Buyers remain aggressive
Corporations are taking advantage of what remains a “pretty hot market” for sale-leaseback transactions, adds Ponticiello. Sale-leaseback properties are perceived as annuity, bond-like investments due to the long-term triple net leases.
In addition, pricing is still aggressive even as interest rates have started to move higher. “On the deals that we are doing right now I’m seeing some of the lowest cap rates on the credit and the product that I have seen in a long time,” says Ponticiello. Industrial properties are seeing some of the lowest cap rates due to the investor demand for that property type, while buyers are also more aggressive in buying healthcare assets.
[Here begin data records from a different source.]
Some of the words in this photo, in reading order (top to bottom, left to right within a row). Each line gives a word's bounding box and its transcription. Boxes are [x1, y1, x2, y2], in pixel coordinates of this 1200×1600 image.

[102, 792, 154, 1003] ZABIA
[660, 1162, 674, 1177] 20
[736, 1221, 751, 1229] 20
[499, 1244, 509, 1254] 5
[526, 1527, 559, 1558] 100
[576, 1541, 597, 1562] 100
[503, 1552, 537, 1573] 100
Pricing does vary widely based on tenant credit. However, there is demand up and down the credit spectrum. “Where we’re seeing some caution is related to specific pockets, such as big-box retail and suburban office,” says Merkle. However, by-and-large, the sale-leaseback acquisition environment remains strong, with a broad-based set of investors pursuing opportunities.
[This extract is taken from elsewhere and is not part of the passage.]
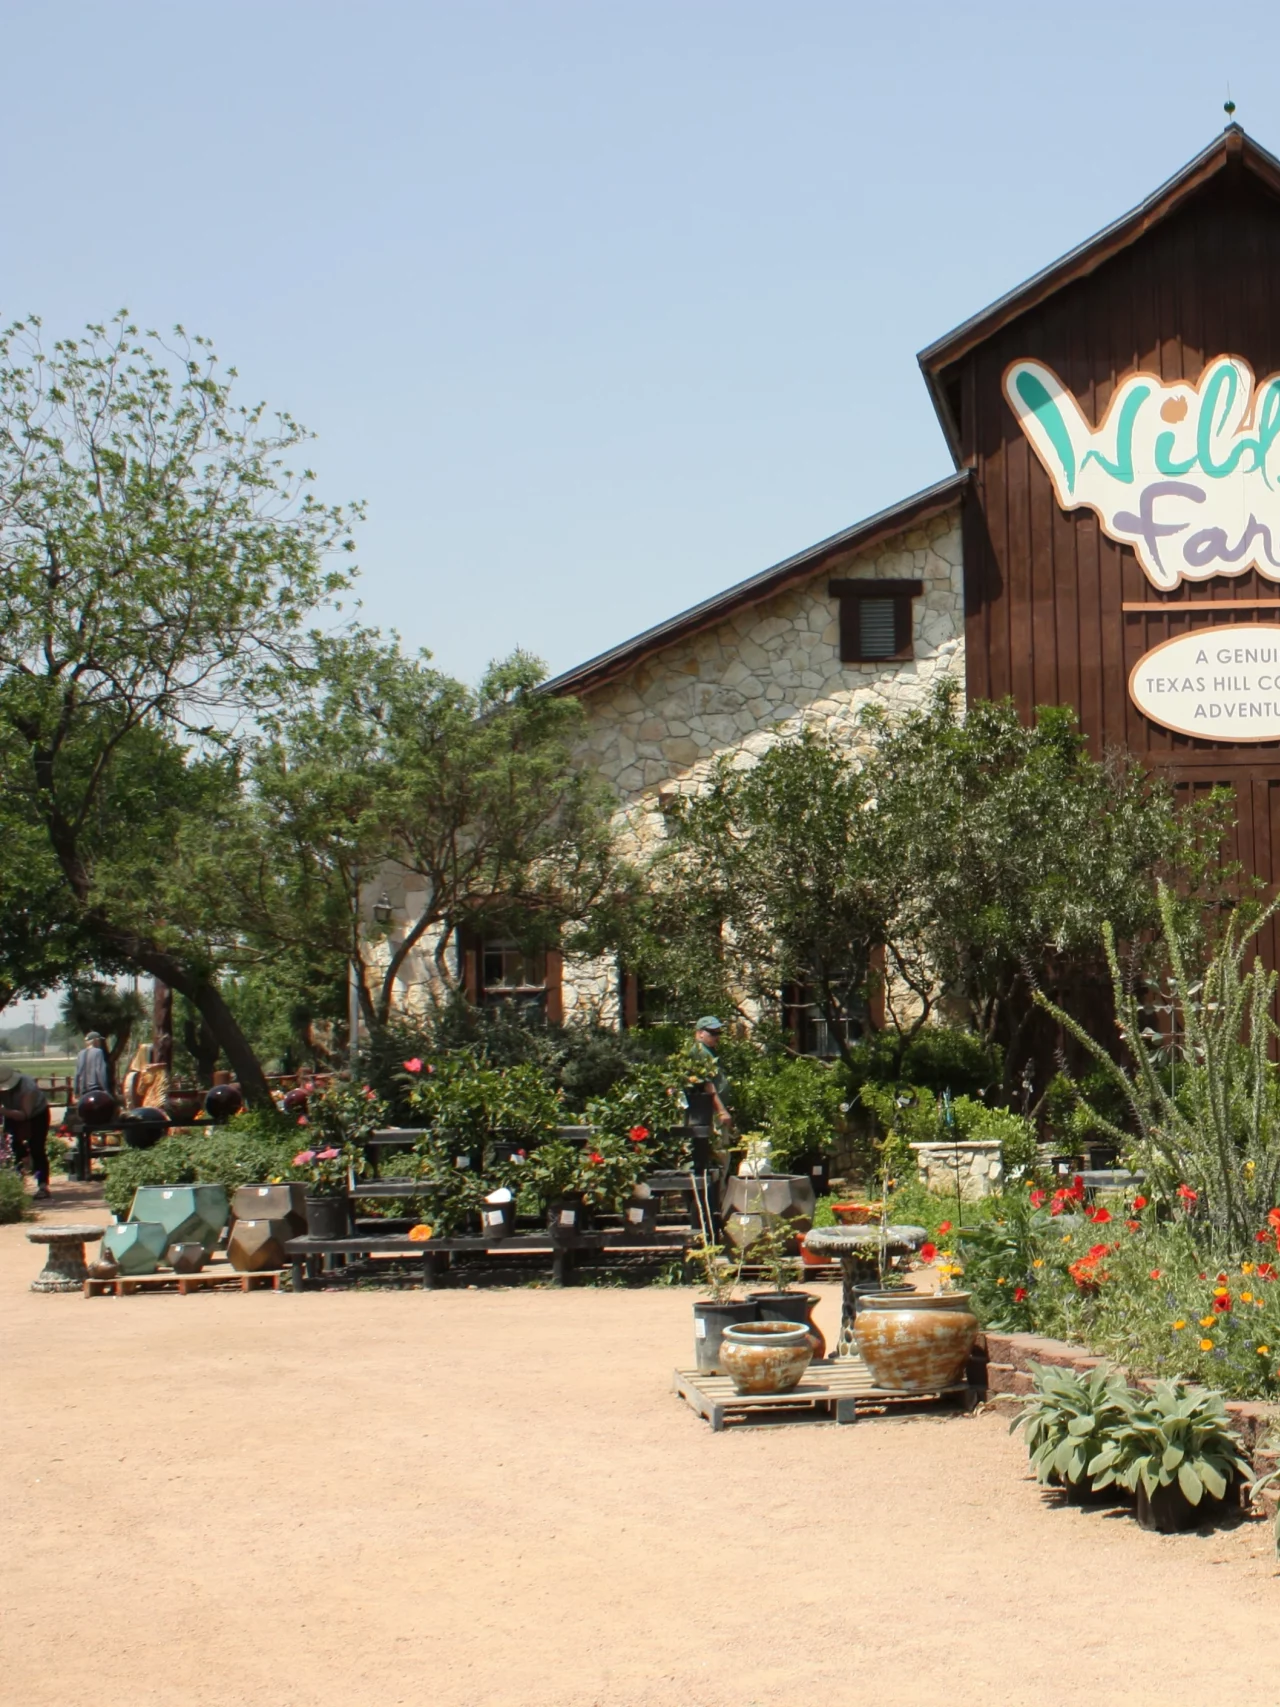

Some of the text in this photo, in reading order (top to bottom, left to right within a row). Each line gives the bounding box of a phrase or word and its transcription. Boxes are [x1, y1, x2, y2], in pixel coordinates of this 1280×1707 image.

[1195, 649, 1208, 664] A
[1146, 677, 1206, 692] TEXAS
[1213, 676, 1251, 692] HILL
The recent rise in 10-year Treasuries could spark more demand for sub-investment grade tenants as buyers seek yield, while the field of buyers for lower cap rate deals will likely see their investment spreads thinning with higher debt costs to finance new acquisitions, notes Merkle.
The buyer pool has changed quite a bit over the last three years. Net lease funds backed by institutional capital continue to be very active buyers, while REIT buying has slowed. According to CBRE, REITs bought one-third of all sale-leasebacks in 2013, whereas data from 2016 shows that buying activity dropped to 12 percent. There has been a noticeable drop-off for REIT activity due to the in stock prices and higher cost of capital, notes Ponticiello. The flip side of that is that foreign investors have stepped up and became more active buyers of corporate single-tenant assets. “That has helped to pick up some of the slack from the REITs,” he says.
Motivated sellers
Corporations are motivated to “monetize” assets for a variety of reasons. Certainly, sellers can use that capital to finance operations and expansion, as well as add value for shareholders, notes Byron Carlock, U.S. real estate practice leader for PwC. “The biggest story is that users are rethinking the way that they need and use space,” he says.
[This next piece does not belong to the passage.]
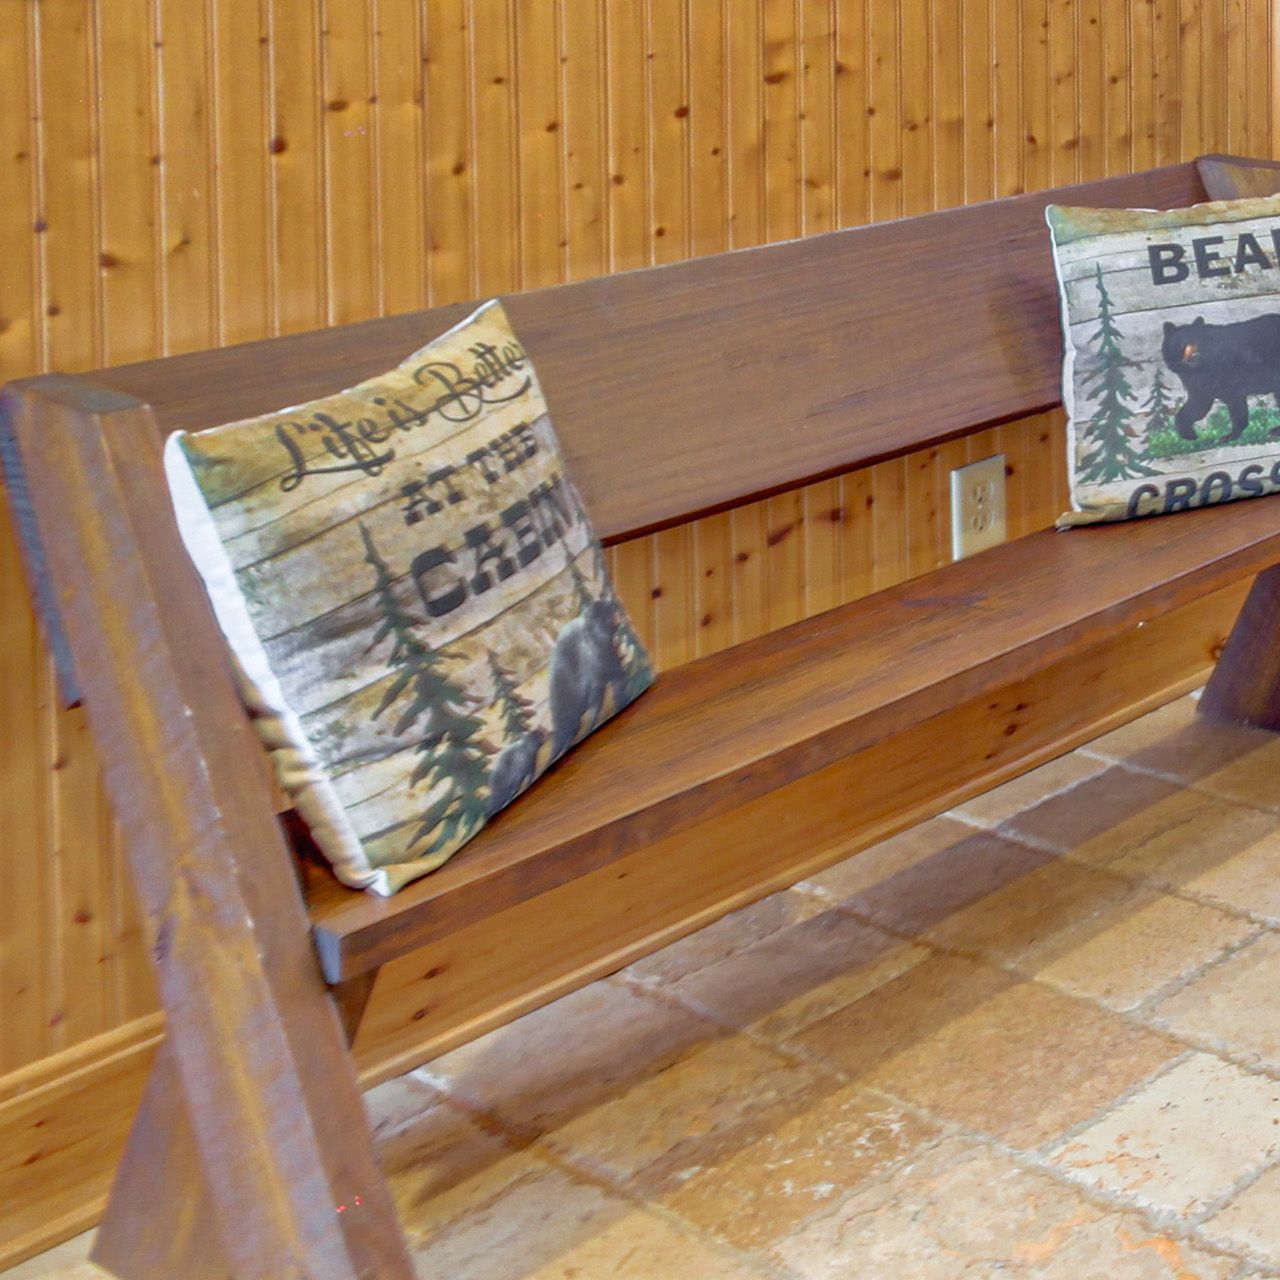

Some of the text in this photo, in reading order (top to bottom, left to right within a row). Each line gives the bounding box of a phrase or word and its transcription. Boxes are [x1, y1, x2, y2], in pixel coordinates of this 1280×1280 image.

[277, 413, 396, 492] Life
[373, 396, 429, 431] is
[401, 422, 538, 526] AT THE
[411, 473, 575, 617] CABIN
Sale-leaseback conversations are being prompted by a convergence of several trends, such as the emphasis on workplace design and offering employees a cool place to work. Another driver involves new lease accounting rules that require companies to put leases on their balance sheets as debt. That change is forcing users to ask more pointed questions about whether or not they need all of that space, as well as what their bigger occupier strategy is as it relates to their business, he adds.
According to a new report from PwC on “Unlocking Shareholder Value: Real Estate Monetization Strategies,” sale-leasebacks are one of the options that real estate-heavy companies are considering to fund core operations and expansion plans along with realizing value for shareholders. Other options include non-recourse financing or REIT conversions.
In addition, some corporations are giving sale-leasebacks more thought now with a view that the window of opportunity may soon be closing as interest rates move higher. Given rising rates, one would expect more upward pressure on cap rates. That has yet to happen, in part because there is still a lot of capital looking for a home, says Ponticiello. “But I do think we need to keep a watchful eye on interest rates ahead as rates will play a role on how deals get priced,” he says.